How about 'no pain, no gain'? Everyone has heard this and we all know there is no truth to it. Further we could actually turn this upside down and say 'no pain, all gain'.
So where I am going with all this? Well this past weekend we were down to Seattle for a clinic with Eric Cressey. Eric is a Boston-based strength coach with that works with a number of major league baseball players. And he is considered an expert when it comes to all things related to the shoulder and training.
And he was sharing some things that may would challenge what many trainers and strength coaches believe and have been taught. With that in mind here are 3 of the Basics - Done Wrong.
Basic #1 Done Wrong - Do Yoga Push Ups
I'll wait a minute while you rub your eyes and re-read that last statement. Yes, I am advocating yoga push ups. Now before you all load up and throw your lululemons at me let me clarify.
I am saying yoga push ups may be a good idea. And here's why.
With most bench pressing the shoulder blades can get stuck in place on the bench and aren't allowed to move and lift as they should do during a press. As well, when the hips pike up and the head drops this allows the shoulders to go into a position of flexion with the hands on the ground. With the hands on the floor you can try and push the floor away which helps activate the core, provide more stability and lends to more stability at the shoulder joint.
Basic #2 Done Wrong - Maybe Fewer Rows
When someone has had a history of shoulder problems and is known to bench press every time they enter the gym the tunnel vision cure may be to add in some more rowing motions.

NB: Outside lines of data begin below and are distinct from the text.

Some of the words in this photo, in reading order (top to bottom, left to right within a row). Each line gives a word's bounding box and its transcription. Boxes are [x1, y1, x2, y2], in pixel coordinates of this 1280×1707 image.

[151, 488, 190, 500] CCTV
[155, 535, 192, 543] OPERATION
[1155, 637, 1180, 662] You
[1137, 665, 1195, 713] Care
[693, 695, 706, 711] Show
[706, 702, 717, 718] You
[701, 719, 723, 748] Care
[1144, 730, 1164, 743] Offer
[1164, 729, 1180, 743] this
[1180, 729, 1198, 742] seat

And this would make sense depending on the posture of the individual. However without considering the starting point of the individual's posture and anatomy they may put more stress on the shoulder depending the on the mechanics they use. In particular we want to make sure the shoulder isn't driving forward as the arms are pulled back during the row. If they are another solution may be needed rather than extra rows.

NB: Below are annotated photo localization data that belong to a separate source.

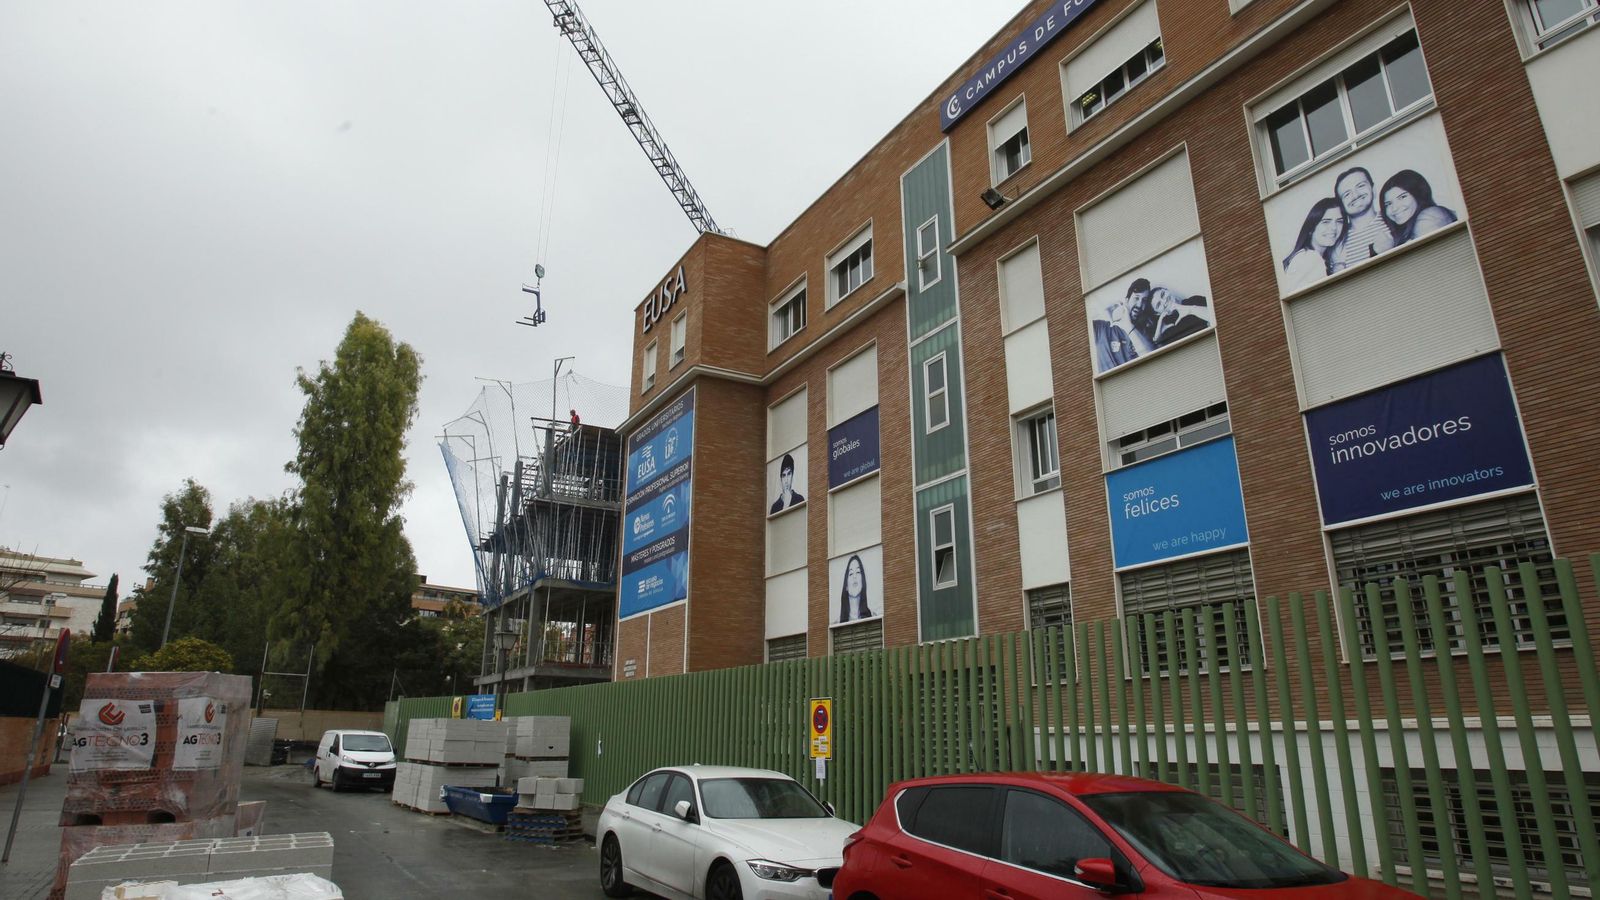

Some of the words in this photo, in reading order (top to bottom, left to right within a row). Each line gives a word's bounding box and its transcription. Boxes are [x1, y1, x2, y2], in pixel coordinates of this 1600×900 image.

[966, 41, 1028, 100] CAMPUS
[1035, 15, 1056, 42] DE
[643, 265, 686, 334] EUSA
[833, 438, 848, 449] somos
[1329, 424, 1377, 446] somos
[1330, 415, 1472, 465] innovadores
[832, 440, 860, 460] globales
[637, 456, 656, 478] EUSA
[860, 458, 875, 472] global
[1123, 485, 1155, 502] somos
[1380, 487, 1400, 501] we
[1403, 481, 1425, 496] are
[1428, 465, 1505, 492] innovators
[1124, 494, 1180, 520] felices
[1152, 541, 1169, 552] we
[1171, 536, 1189, 549] are
[1190, 526, 1227, 545] happy
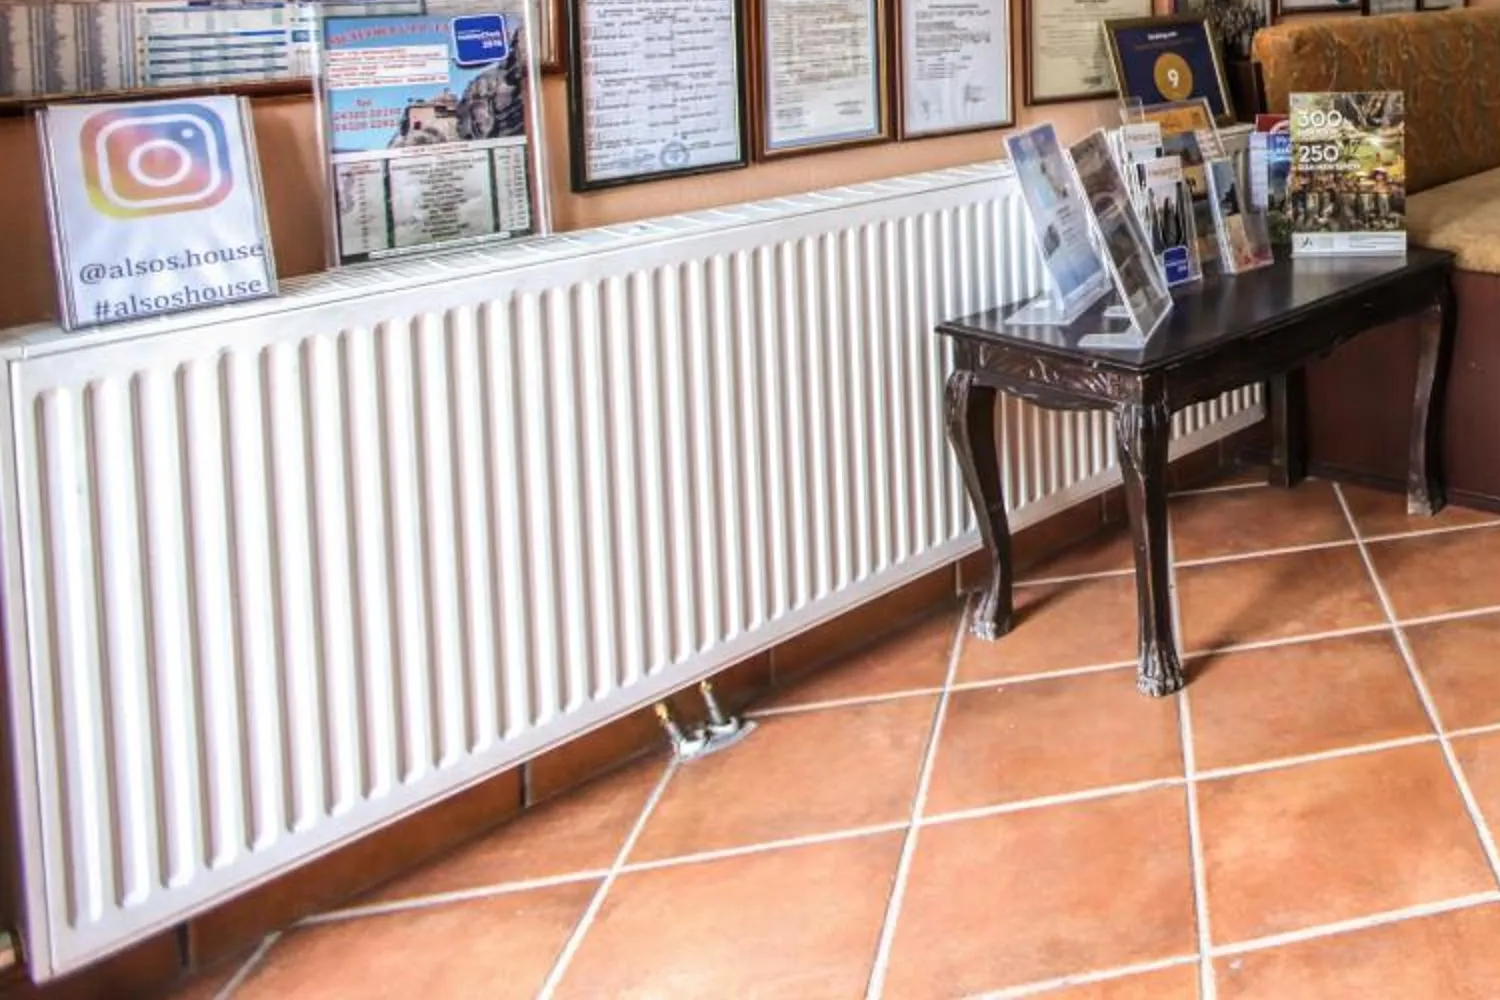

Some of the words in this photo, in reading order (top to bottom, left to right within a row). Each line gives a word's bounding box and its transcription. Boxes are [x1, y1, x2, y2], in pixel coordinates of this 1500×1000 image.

[1166, 68, 1179, 89] 9
[1299, 144, 1339, 163] 250
[79, 243, 264, 285] @alsos.house
[94, 278, 262, 321] #alsoshouse

Basic #3 Done Wrong - Get Your Shoulders Down & Back
This may be a case of the message coming in loud and clear. Maybe too loud and clear. Over the years we have repeatedly said how we need to cue clients to get their shoulder blades down and back. And it appears, with some clientele, this may not be what we want to encourage.
Instead for some clients we may want to encourage them to use their upper traps (imagine me ducking under a bench as the fitness community gasps in horror). We want the scapula (shoulder blades) to move over the rib cage. And as we flex the shoulder, like raising your arm overhead in front of the body, this can be impaired if we have over-trained trying to get the shoulders down and back.

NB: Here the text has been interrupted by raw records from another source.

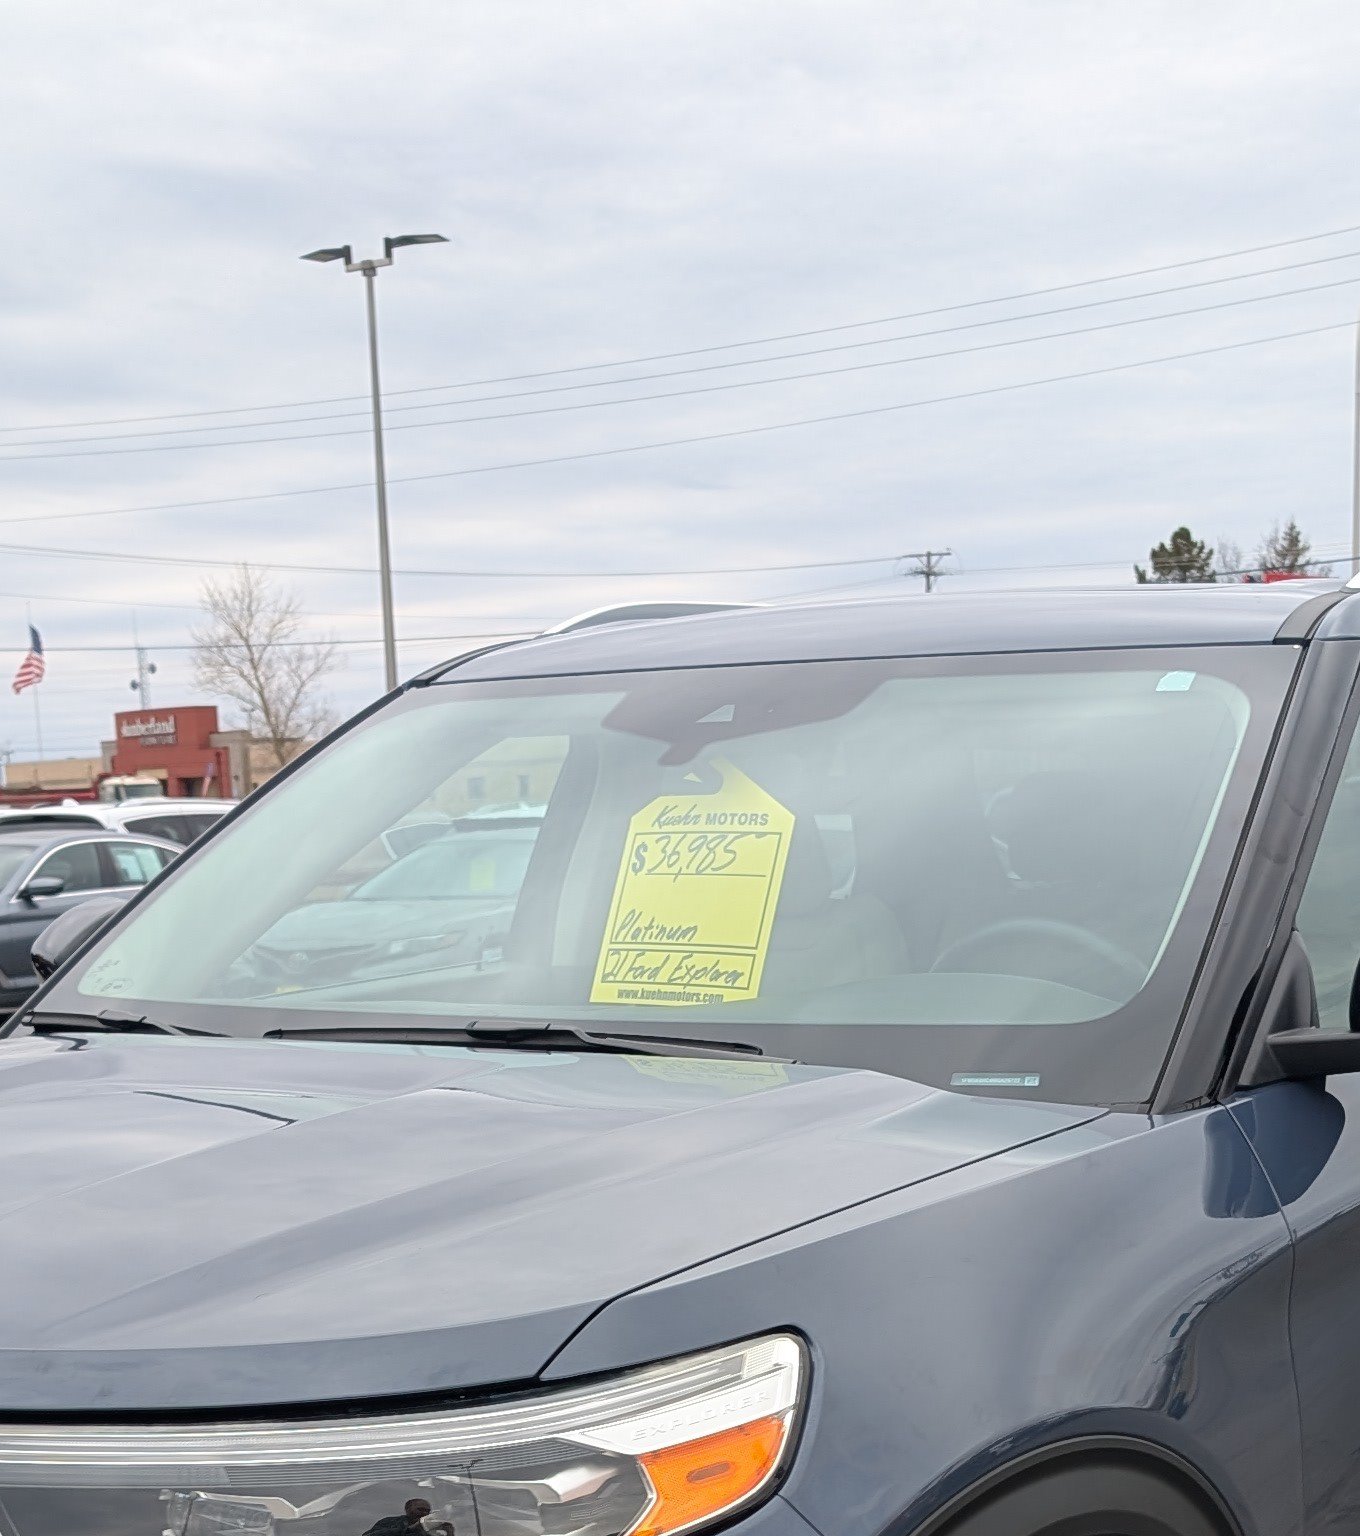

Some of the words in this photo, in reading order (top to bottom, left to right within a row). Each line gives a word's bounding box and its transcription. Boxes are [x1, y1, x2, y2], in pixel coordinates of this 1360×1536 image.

[705, 812, 770, 827] MOTORS
[614, 908, 698, 943] Platinum
[623, 951, 670, 982] Ford
[617, 987, 724, 1003] www.kuehnmotors.com
[632, 1391, 770, 1442] EXPLORER

The combined effect we see is limited mobility and more of the tension of a movement being assumed by fewer muscles or sometimes the wrong muscles all together. Our goal is to achieve full mobility and to have loads distributed by as many of the relevant muscles as possible.
Basically the take home message, from Eric's presentation, is to understand that no two shoulders are the same and cannot be trained in the same way. My take-away is that some of the things we have believed as gospel need to be considered in a case by case scenario and perhaps reconsidered in certain cases.